[TASK DETAILS] What is needed here is an exact transcription of the entries that follow.

Dataset entries:
==============================

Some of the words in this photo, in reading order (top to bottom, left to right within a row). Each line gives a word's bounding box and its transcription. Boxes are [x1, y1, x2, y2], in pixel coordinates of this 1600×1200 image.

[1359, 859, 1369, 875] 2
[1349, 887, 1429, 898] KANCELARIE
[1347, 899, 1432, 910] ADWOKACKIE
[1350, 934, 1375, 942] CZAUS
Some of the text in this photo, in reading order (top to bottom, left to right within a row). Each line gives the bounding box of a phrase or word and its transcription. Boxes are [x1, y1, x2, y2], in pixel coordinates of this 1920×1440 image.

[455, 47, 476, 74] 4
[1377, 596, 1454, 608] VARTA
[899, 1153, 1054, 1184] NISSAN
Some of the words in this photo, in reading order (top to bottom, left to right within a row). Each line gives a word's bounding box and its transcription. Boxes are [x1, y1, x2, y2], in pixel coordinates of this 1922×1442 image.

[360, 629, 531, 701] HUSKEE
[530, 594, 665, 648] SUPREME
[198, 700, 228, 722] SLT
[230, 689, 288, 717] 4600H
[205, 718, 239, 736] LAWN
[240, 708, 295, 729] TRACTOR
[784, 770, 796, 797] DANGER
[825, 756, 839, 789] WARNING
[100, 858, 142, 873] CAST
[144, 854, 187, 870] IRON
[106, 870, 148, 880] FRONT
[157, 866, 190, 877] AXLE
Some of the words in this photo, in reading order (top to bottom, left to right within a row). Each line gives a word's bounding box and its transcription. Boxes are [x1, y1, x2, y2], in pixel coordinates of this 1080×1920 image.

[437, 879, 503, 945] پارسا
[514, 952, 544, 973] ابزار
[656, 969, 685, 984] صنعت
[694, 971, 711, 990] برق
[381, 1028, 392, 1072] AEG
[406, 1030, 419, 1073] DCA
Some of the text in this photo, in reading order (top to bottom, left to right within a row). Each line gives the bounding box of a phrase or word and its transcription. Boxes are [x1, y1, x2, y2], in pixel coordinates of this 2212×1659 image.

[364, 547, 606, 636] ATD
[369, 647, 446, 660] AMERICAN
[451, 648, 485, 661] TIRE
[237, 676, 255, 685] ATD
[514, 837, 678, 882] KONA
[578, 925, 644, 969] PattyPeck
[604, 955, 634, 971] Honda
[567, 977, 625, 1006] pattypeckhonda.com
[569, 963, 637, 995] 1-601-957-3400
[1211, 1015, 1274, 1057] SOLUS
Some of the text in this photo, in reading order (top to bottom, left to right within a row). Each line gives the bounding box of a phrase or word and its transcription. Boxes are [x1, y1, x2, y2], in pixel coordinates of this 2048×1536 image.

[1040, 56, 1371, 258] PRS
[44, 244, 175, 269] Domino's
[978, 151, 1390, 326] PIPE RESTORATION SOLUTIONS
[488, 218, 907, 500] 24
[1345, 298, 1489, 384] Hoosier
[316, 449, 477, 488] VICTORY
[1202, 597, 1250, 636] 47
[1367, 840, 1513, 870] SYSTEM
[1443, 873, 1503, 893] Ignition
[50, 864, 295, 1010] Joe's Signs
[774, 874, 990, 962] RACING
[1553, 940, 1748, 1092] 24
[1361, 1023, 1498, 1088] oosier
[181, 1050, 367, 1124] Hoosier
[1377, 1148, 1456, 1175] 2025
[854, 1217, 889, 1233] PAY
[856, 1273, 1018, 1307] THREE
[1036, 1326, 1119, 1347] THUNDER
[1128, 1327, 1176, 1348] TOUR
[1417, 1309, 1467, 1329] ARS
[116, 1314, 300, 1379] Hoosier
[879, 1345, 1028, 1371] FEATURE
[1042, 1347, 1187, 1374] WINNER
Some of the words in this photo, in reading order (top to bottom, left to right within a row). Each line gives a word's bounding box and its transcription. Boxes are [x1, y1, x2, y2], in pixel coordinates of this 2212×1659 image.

==============================

[SOLUTION TO THIS TASK]
Some of the words in this photo, in reading order (top to bottom, left to right within a row). Each line gives a word's bounding box and its transcription. Boxes are [x1, y1, x2, y2], in pixel coordinates of this 1600×1200 image.

[1359, 859, 1369, 875] 2
[1349, 887, 1429, 898] KANCELARIE
[1347, 899, 1432, 910] ADWOKACKIE
[1350, 934, 1375, 942] CZAUS
Some of the text in this photo, in reading order (top to bottom, left to right within a row). Each line gives the bounding box of a phrase or word and its transcription. Boxes are [x1, y1, x2, y2], in pixel coordinates of this 1920×1440 image.

[455, 47, 476, 74] 4
[1377, 596, 1454, 608] VARTA
[899, 1153, 1054, 1184] NISSAN
Some of the words in this photo, in reading order (top to bottom, left to right within a row). Each line gives a word's bounding box and its transcription. Boxes are [x1, y1, x2, y2], in pixel coordinates of this 1922×1442 image.

[360, 629, 531, 701] HUSKEE
[530, 594, 665, 648] SUPREME
[198, 700, 228, 722] SLT
[230, 689, 288, 717] 4600H
[205, 718, 239, 736] LAWN
[240, 708, 295, 729] TRACTOR
[784, 770, 796, 797] DANGER
[825, 756, 839, 789] WARNING
[100, 858, 142, 873] CAST
[144, 854, 187, 870] IRON
[106, 870, 148, 880] FRONT
[157, 866, 190, 877] AXLE
Some of the words in this photo, in reading order (top to bottom, left to right within a row). Each line gives a word's bounding box and its transcription. Boxes are [x1, y1, x2, y2], in pixel coordinates of this 1080×1920 image.

[437, 879, 503, 945] پارسا
[514, 952, 544, 973] ابزار
[656, 969, 685, 984] صنعت
[694, 971, 711, 990] برق
[381, 1028, 392, 1072] AEG
[406, 1030, 419, 1073] DCA
Some of the text in this photo, in reading order (top to bottom, left to right within a row). Each line gives the bounding box of a phrase or word and its transcription. Boxes are [x1, y1, x2, y2], in pixel coordinates of this 2212×1659 image.

[364, 547, 606, 636] ATD
[369, 647, 446, 660] AMERICAN
[451, 648, 485, 661] TIRE
[237, 676, 255, 685] ATD
[514, 837, 678, 882] KONA
[578, 925, 644, 969] PattyPeck
[604, 955, 634, 971] Honda
[567, 977, 625, 1006] pattypeckhonda.com
[569, 963, 637, 995] 1-601-957-3400
[1211, 1015, 1274, 1057] SOLUS
Some of the text in this photo, in reading order (top to bottom, left to right within a row). Each line gives the bounding box of a phrase or word and its transcription. Boxes are [x1, y1, x2, y2], in pixel coordinates of this 2048×1536 image.

[1040, 56, 1371, 258] PRS
[44, 244, 175, 269] Domino's
[978, 151, 1390, 326] PIPE RESTORATION SOLUTIONS
[488, 218, 907, 500] 24
[1345, 298, 1489, 384] Hoosier
[316, 449, 477, 488] VICTORY
[1202, 597, 1250, 636] 47
[1367, 840, 1513, 870] SYSTEM
[1443, 873, 1503, 893] Ignition
[50, 864, 295, 1010] Joe's Signs
[774, 874, 990, 962] RACING
[1553, 940, 1748, 1092] 24
[1361, 1023, 1498, 1088] oosier
[181, 1050, 367, 1124] Hoosier
[1377, 1148, 1456, 1175] 2025
[854, 1217, 889, 1233] PAY
[856, 1273, 1018, 1307] THREE
[1036, 1326, 1119, 1347] THUNDER
[1128, 1327, 1176, 1348] TOUR
[1417, 1309, 1467, 1329] ARS
[116, 1314, 300, 1379] Hoosier
[879, 1345, 1028, 1371] FEATURE
[1042, 1347, 1187, 1374] WINNER
Some of the words in this photo, in reading order (top to bottom, left to right within a row). Each line gives a word's bounding box and its transcription. Boxes are [x1, y1, x2, y2], in pixel coordinates of this 2212×1659 image.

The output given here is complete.